Here's a good story, and not even about me (although, by the end, I'm sure it will be.)
Today, I was in the Student Services office of my building, just hanging out. A rather awkward boy came in and asked, "I need to find a student."
The worker, my good friend Heidi, said, "Well, I need some more details."
The young man explained that he had dinner with a girl the night before, and neglected to get her last name. He knew her first name, and that she was a freshman at this college, and was double-majoring in Philosophy and something else. Of course, that was little help because CGS students do not declare majors until their sophomore year. Now, Student Services staff has the ability to look up all sorts of people in our database, and there were only two freshmen with the first name he was looking for, however, that information cannot be divulged to boneheads off the street who are infatuated with someone and yet can't bother to get their last name or phone number. Still, because Heidi is a nice person, she told the kid that if he leaves a message for this young lady, she would see if she could get it into the proper hands.
After the complicated process of him locating an envelope and a piece of paper ("All the way to the right. All the way... No, right."), the boy took several minutes to compose a note to his fair maiden. He then left his missive and his information and finally left. Of course, the second the door closed, most of the girls swooned and talked about how adorable it was that this guy was going to these lengths to find this girl. They were forgetting the fact that this is 2010 and there are millions of ways to track down people, especially if they go to the same university as you, but I guess this is less stalker-y.
Let's not even talk about the simple logic (Get that number, man!), because we don't know the exact circumstances of their meeting (maybe she didn't want him to know her last name.). But knowing the culture of the school, which is around 65% women, this guy probably is a rare find. I think that girls who didn't think he was a little creepy probably would be impressed at the lengths he went and the embarrassment he risked just to see them again. With all the possibilities at the place, he must have thought she was pretty special to come all the way to her school, ask about her in the main office in front of the employees, and leave her a note, probably suggesting another dining hall meet-up. Ballsy, that's for sure.
There's also the other side of the coin (and here's where it kind of becomes about me). I am almost twice this kid's age, but locking back, if I were in his shoes, I probably would have done the same thing. Hell, I probably did. I used to rig the weekly drawing at my video store job to try and ensure that girls I liked would come in. Or I would simply get their phone number off of their account. Before facebook and internet dating, there were all manner of schemes involved in courting a woman, and almost none of them involved actually approaching them and asking them out on a date. Why, you ask? I don't know!
At the heart of this story is probably a young man who chatted up a girl in the dining hall, and before he knew it, she was gone, and if he was planning on asking her out (or getting her full name), he never made it. He was probably too chicken, like me when I was his age. Now, he wants to correct that mistake, and there's a chance he might see her again, but really, he should have nailed it down the first time. Sure, there's a fine line between being creepy and being forward, but if I've learned one thing in my years since I was that boy, it's that you might as well go for it. You may not get that second chance.

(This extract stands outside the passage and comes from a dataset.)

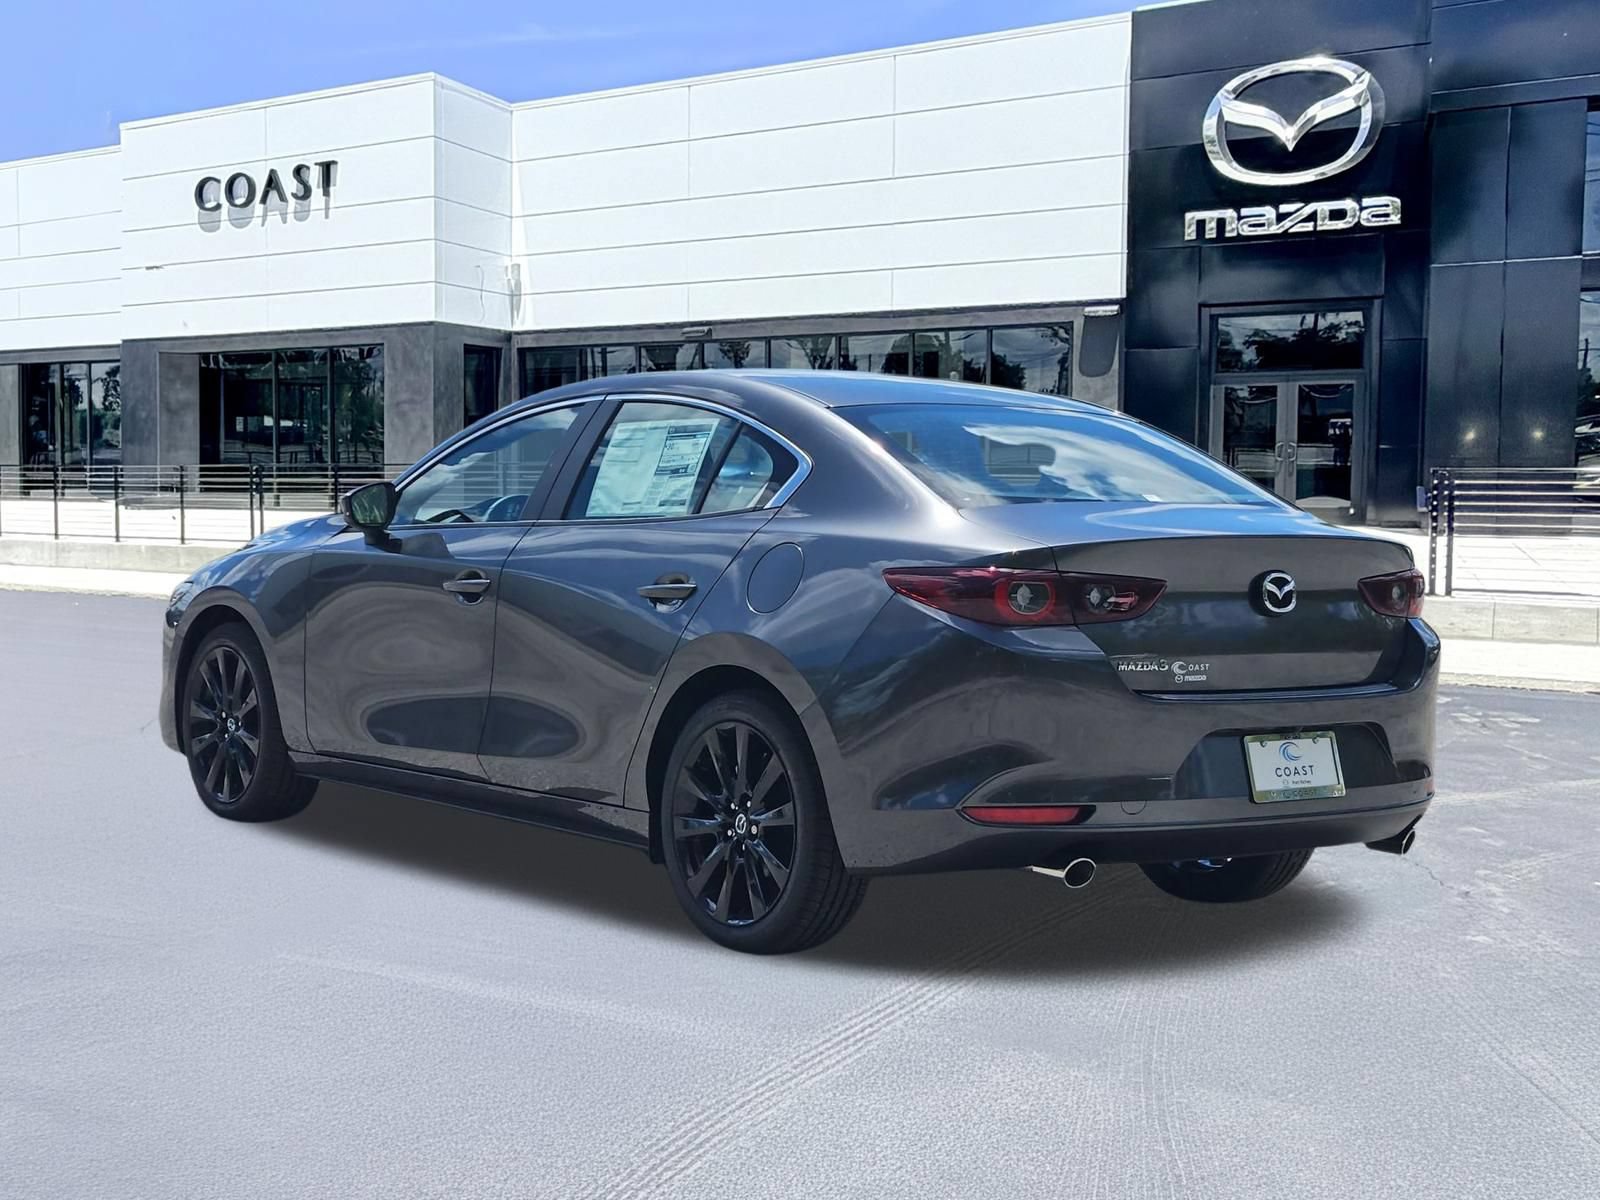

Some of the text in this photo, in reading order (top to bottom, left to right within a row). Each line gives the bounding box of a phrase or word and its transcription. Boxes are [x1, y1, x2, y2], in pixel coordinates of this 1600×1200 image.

I hope it all works out for him. I don't know that it will, because the way the school is, it tends to embitter some women. Most of them probably never get properly asked out at all while they are there, and the ones that do are probably treated rather poorly. Not to disparage all BU men, but, based on the stories I've heard, when there's probably another girl right around the corner, I don't think there's a lot of incentive to be gentlemanly. This sheepish young bard may be her best chance, so she may be wise to take it. He did.